HOW THIS ALL RELATES TO ENERGY


So we now have a way to know the limitation value for a given value of Limited Use. We can get decimal numbers, half-uses, and so on. If we want to know what half a use per day would cost, we can do that. We can figure out what one-and-a-half uses per day cost, and so on. How does this all relate to energy? We need to know all this later on, so we can choose arbitrary energy costs for our abilities, since there won't be linear costs.

CONSIDERATIONS


When you can share your uses between abilities, that gives you added utility. It's more powerful to be able to share uses than to have each ability limited to a certain number of non-transferable uses per day. The way I account for that is by slightly adjusting the limitation value when we use it for abilities powered by energy. So rather than U/(1.5+U), I'm going with U/(1+U). Which reduces the limitation value. The actual numbers can be adjusted. What's important is that this all works as a proof of concept.

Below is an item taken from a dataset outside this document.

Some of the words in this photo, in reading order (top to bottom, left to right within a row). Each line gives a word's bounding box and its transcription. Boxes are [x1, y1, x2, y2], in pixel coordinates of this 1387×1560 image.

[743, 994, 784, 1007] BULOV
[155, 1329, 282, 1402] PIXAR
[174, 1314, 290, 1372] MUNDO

FINALLY THE ACTUAL ENERGY RULES


An energy costs a single character point. 1 energy = 1 character point

(U/1+U)/2 = limitation value

(((U/(1+U))/2)S)/U = Energy cost per use

S is starting points (the price of your trait before the limitation is applied)

U is uses per day


Let's go through what all this means and why it is how it is. What is the method to all this madness?


(U/(1+U))

This is our base limitation value. It's the modified version of the limitation we explored earlier for Limited Use. For the Uses Per Combat variant, just adjust U, as described above in that section.

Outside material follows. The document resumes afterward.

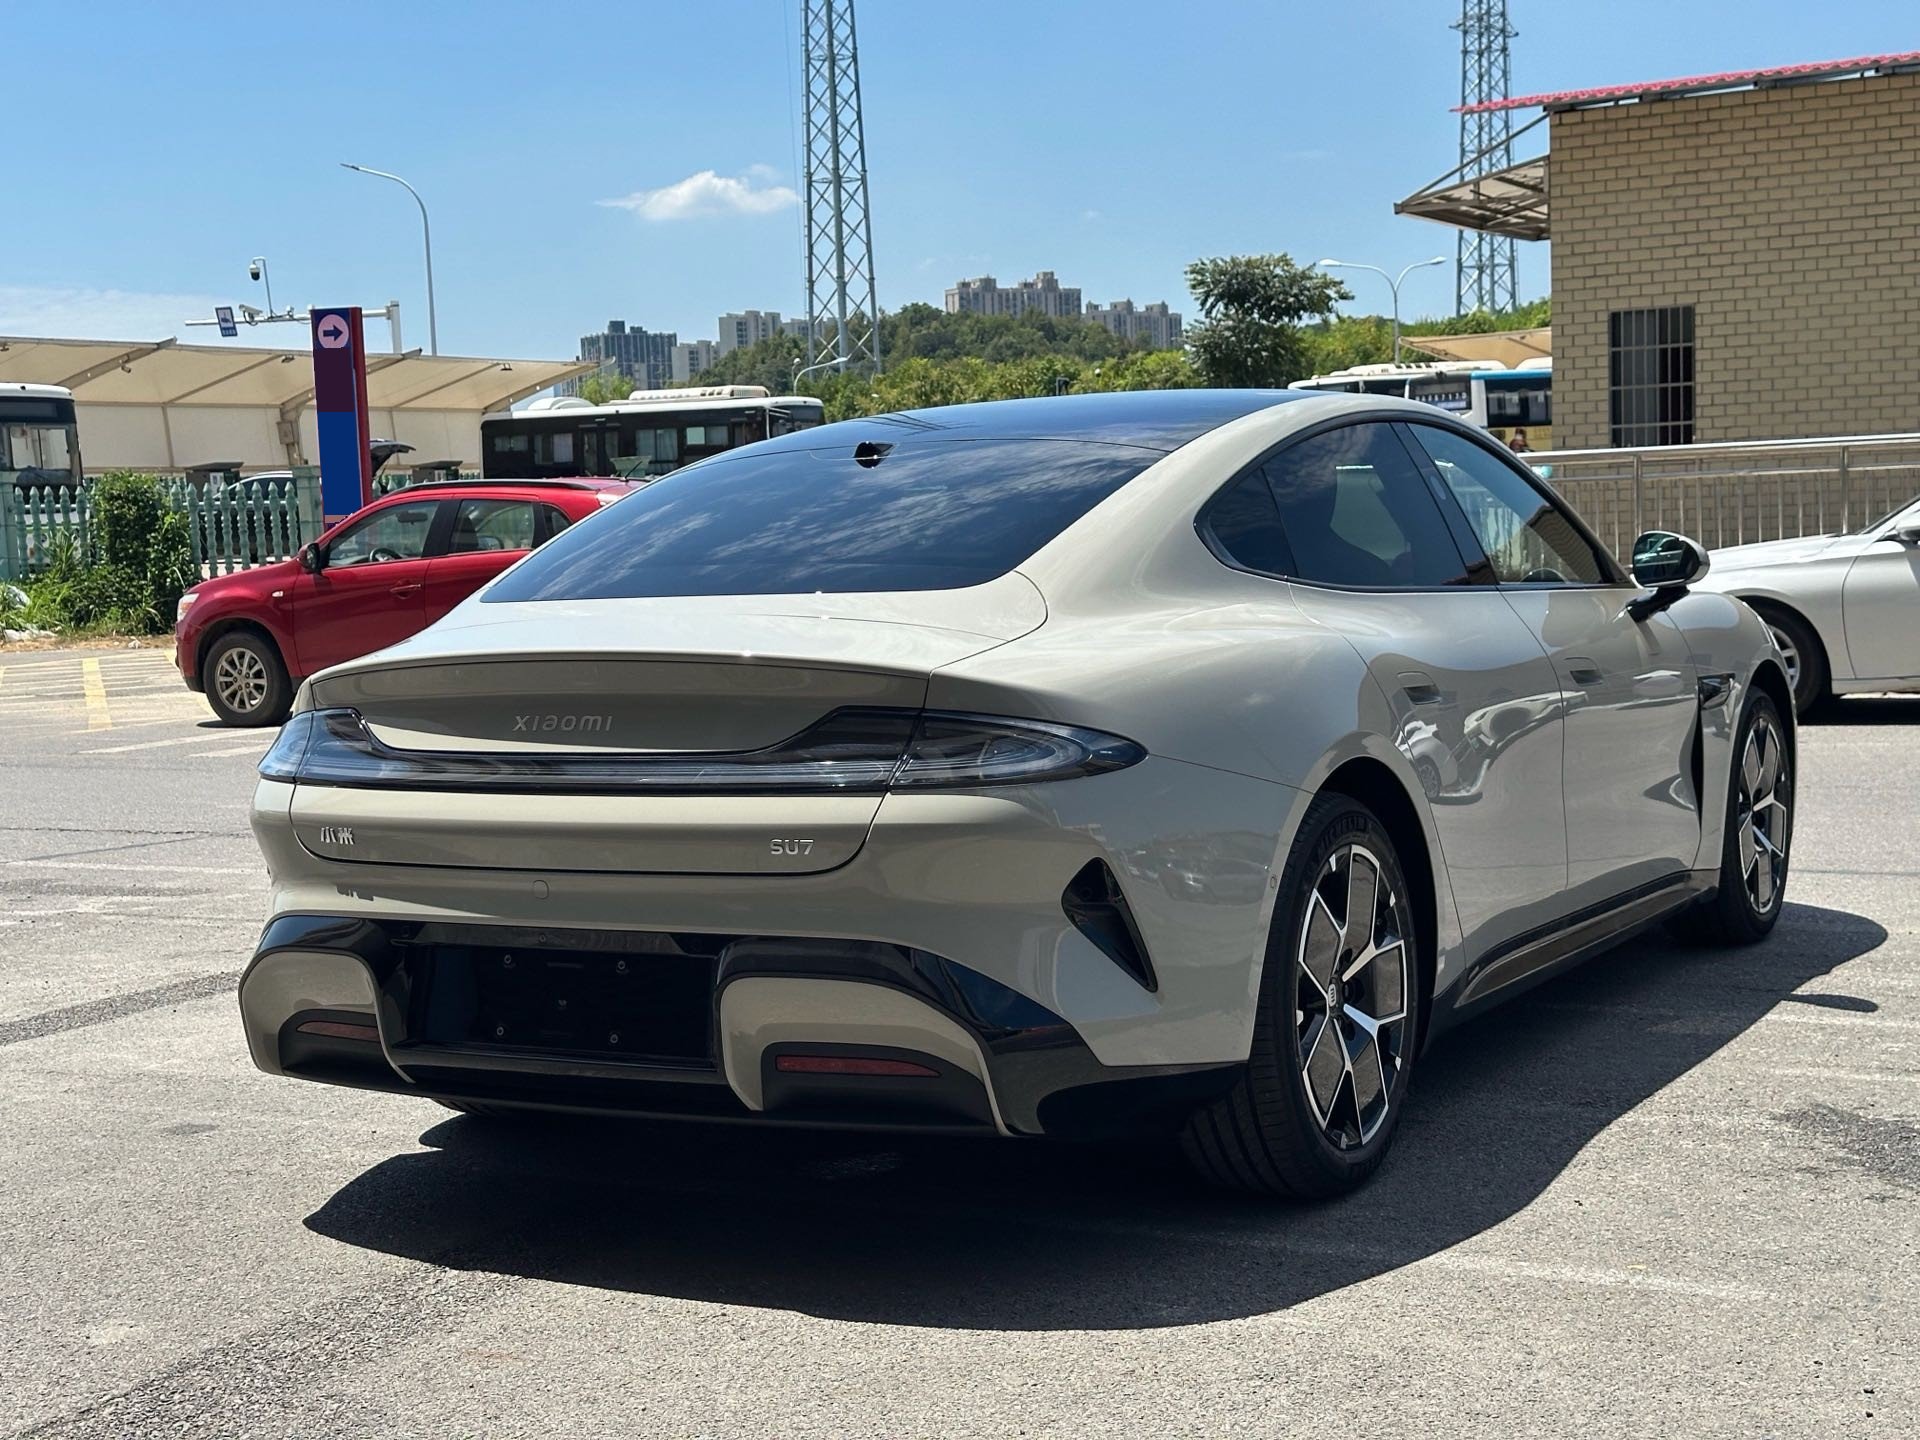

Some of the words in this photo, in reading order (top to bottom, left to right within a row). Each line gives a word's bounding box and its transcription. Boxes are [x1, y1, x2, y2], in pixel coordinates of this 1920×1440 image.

[512, 714, 613, 731] xiaomi
[320, 826, 354, 845] 小米
[769, 839, 814, 855] SU7

Then we have /2. Due to the way this is spitting out limitation values (by giving us a multiplier applied to the base price), this division actually doubles the limitation value. We go from paying .8 the original price to .4 the original price, because .8/2 is .4

The reason we're doubling the limitation value here is to account for the fact that we have to actually buy the energy points themselves to power the ability. We get points back to represent the Limited Use portion. For instance, 1/day is (1/(1+1)), which is .5, or -50%. But then we still have to buy the energy to pay for the one use it costs each day. That has to be accounted for somewhere. So what we're doing is halving that .5 to .25, and from that additional twenty-five percent that we save we can purchase enough energy to use the ability once each day and still on top of that receive the -50% that we're owed because we now have to pay a lot of energy to use our ability (which is equivalent to one use per day).

The key thing here is that energy cost is determined by the price of the ability. The more expensive the ability, the more energy it costs to power it for the equivalent to a certain number of uses. 1/day on a 50-points advantage costs a lot less energy to use than 1/day on a 1000-point advantage (twenty times less).

That's why we next multiply by S, which is the starting point total of the advantage. For a 1/day advantage, we would now be at .25*100. That gives us 25 points. That gives us the total amount of energy the ability is going to cost for the total specified number of uses. We have to spread that across that many uses, though.

So then we just divide by U, to account for the number of uses this much energy will be spread between. For 1/day, this is simple.

Let's look at a more complex ability.

Let's say we want four uses per day on an ability that costs 250 points.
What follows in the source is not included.